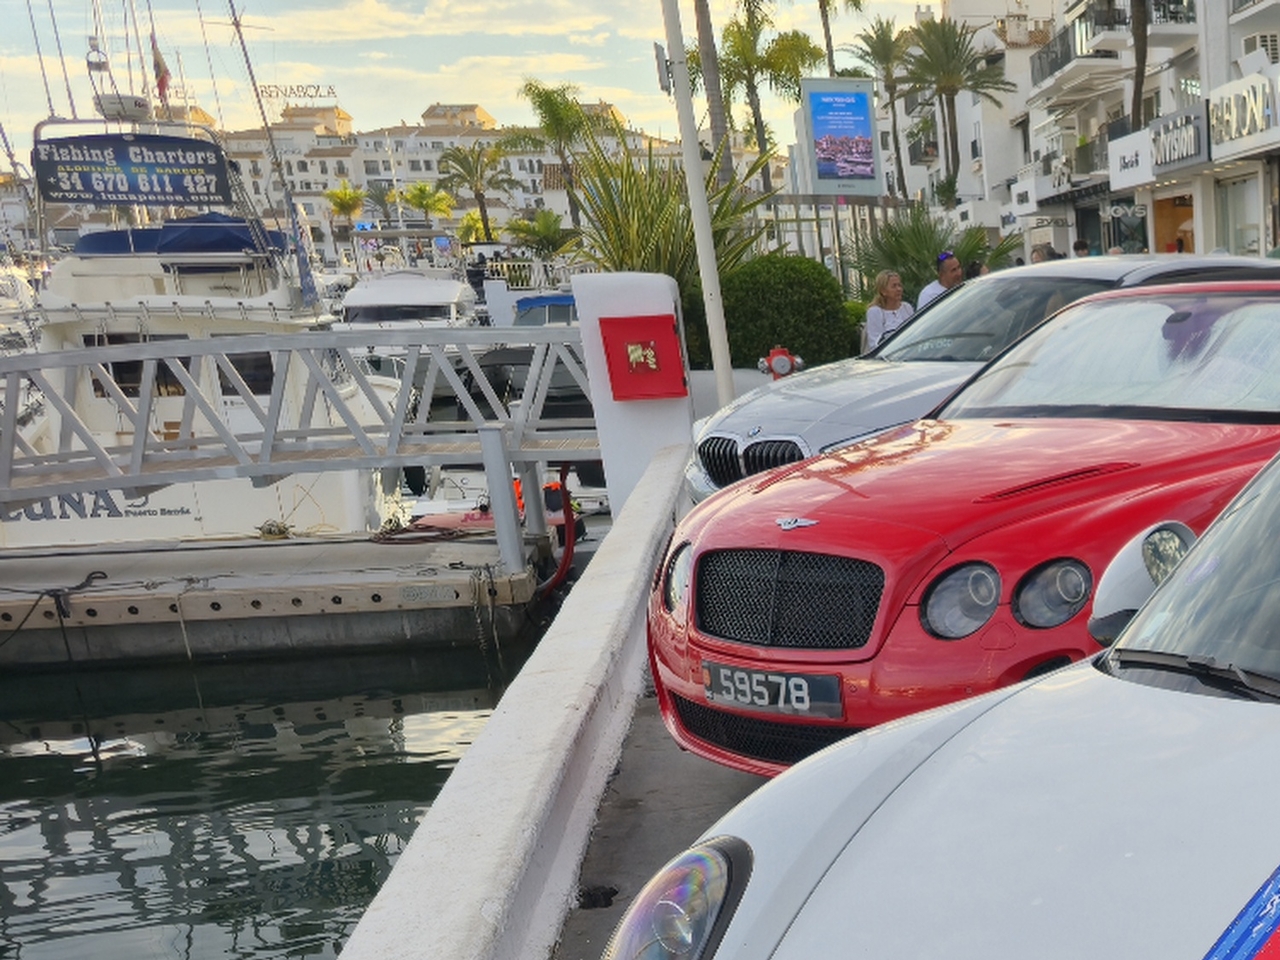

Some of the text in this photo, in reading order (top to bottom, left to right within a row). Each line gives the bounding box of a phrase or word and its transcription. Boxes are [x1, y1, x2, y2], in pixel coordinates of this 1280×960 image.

[259, 84, 338, 98] BENABOLA
[37, 144, 218, 167] Fishing Charters
[57, 165, 205, 175] ALQUILER DE BARCOS
[47, 172, 218, 194] +34 670 611 427
[1098, 203, 1147, 218] JOYS
[124, 509, 158, 518] Puerto
[719, 668, 810, 711] 59578
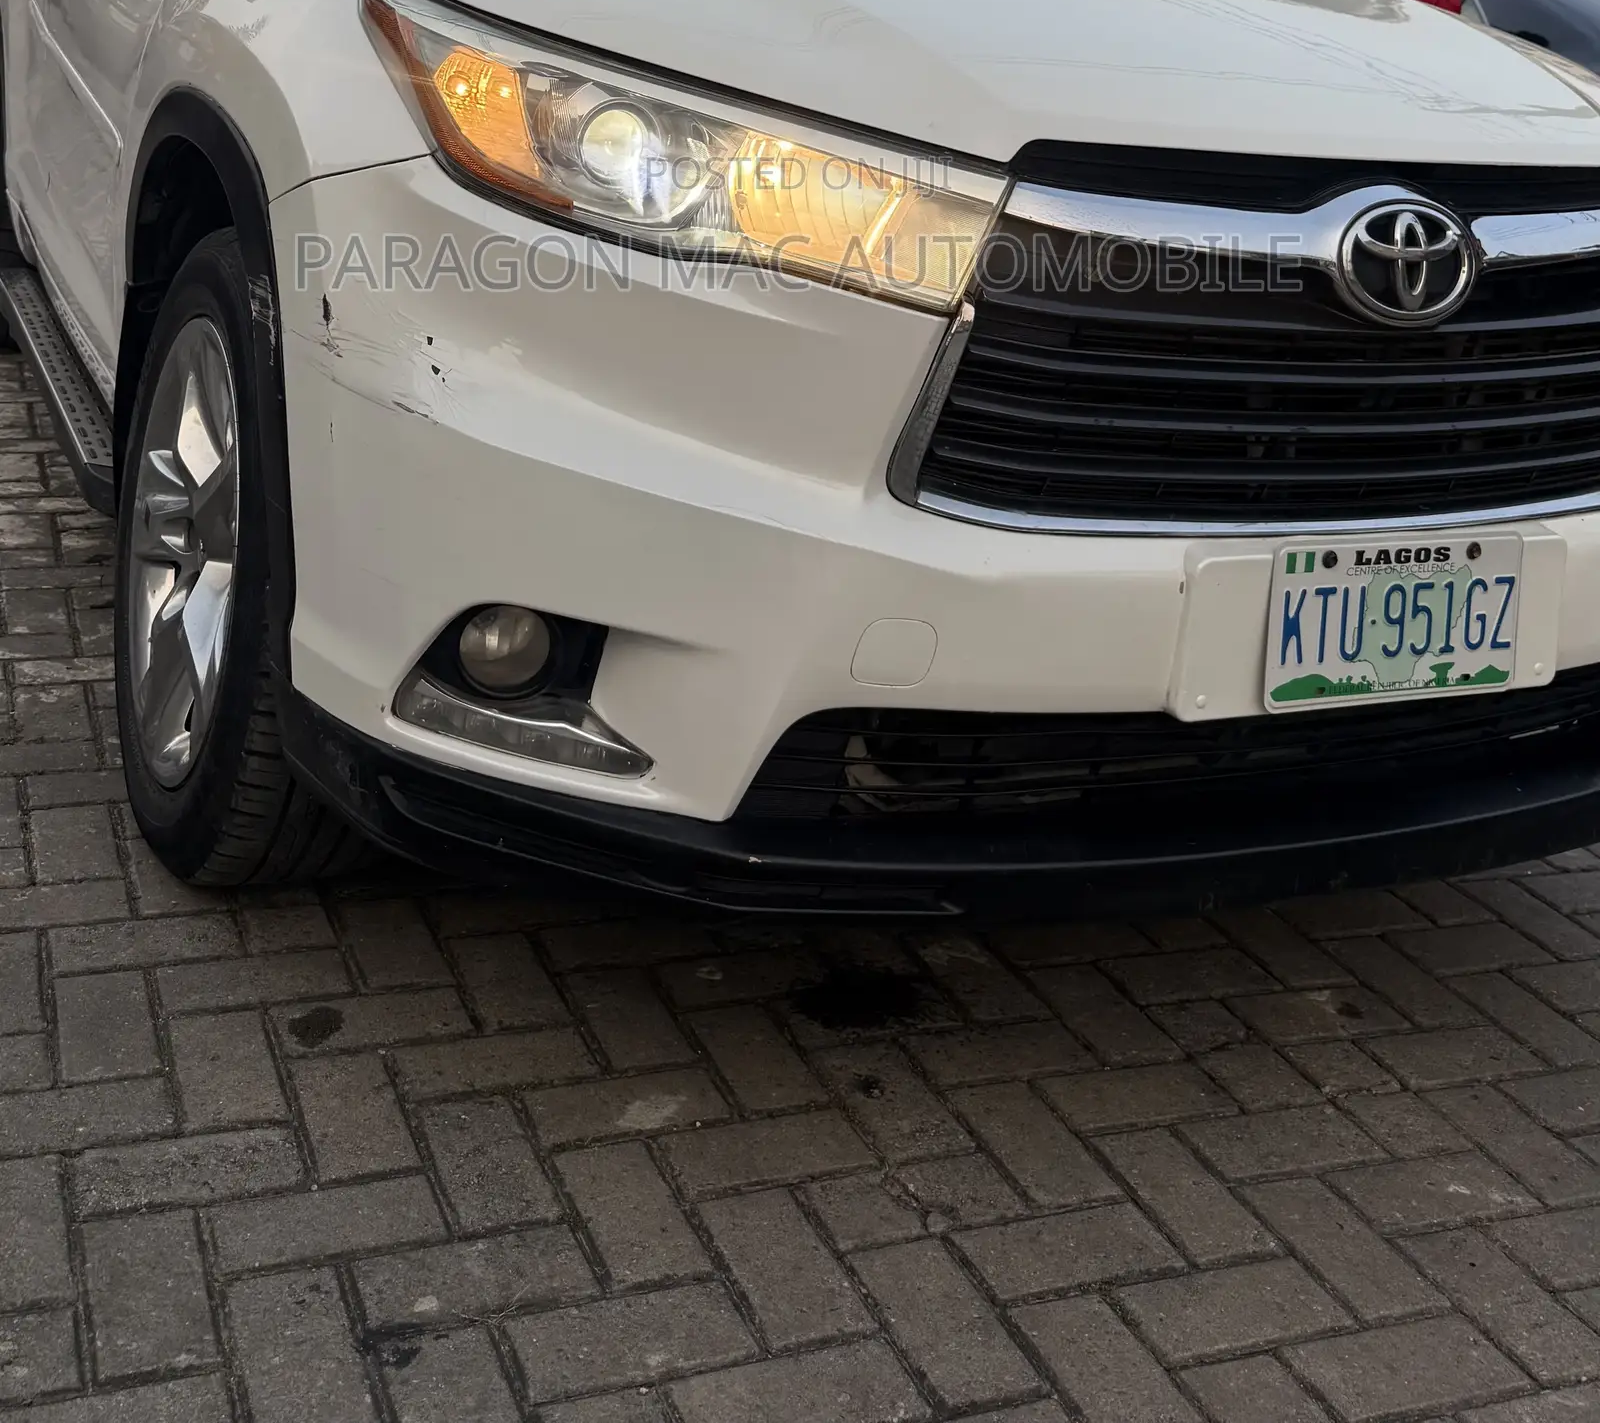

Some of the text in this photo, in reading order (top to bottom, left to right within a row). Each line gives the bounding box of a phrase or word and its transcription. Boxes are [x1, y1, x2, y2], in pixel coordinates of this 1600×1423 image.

◆ ◆ ◆ ◆

* **Task to carry out**: Take the records above and transcribe them exactly, dropping every picture.

* **Reply to the exercise**:
Some of the text in this photo, in reading order (top to bottom, left to right within a row). Each line gives the bounding box of a phrase or word and its transcription. Boxes are [x1, y1, x2, y2], in pixel coordinates of this 1280×960 image.

[259, 84, 338, 98] BENABOLA
[37, 144, 218, 167] Fishing Charters
[57, 165, 205, 175] ALQUILER DE BARCOS
[47, 172, 218, 194] +34 670 611 427
[1098, 203, 1147, 218] JOYS
[124, 509, 158, 518] Puerto
[719, 668, 810, 711] 59578

Some of the text in this photo, in reading order (top to bottom, left to right within a row). Each line gives the bounding box of a phrase or word and its transcription. Boxes are [x1, y1, x2, y2], in pixel coordinates of this 1600×1423 image.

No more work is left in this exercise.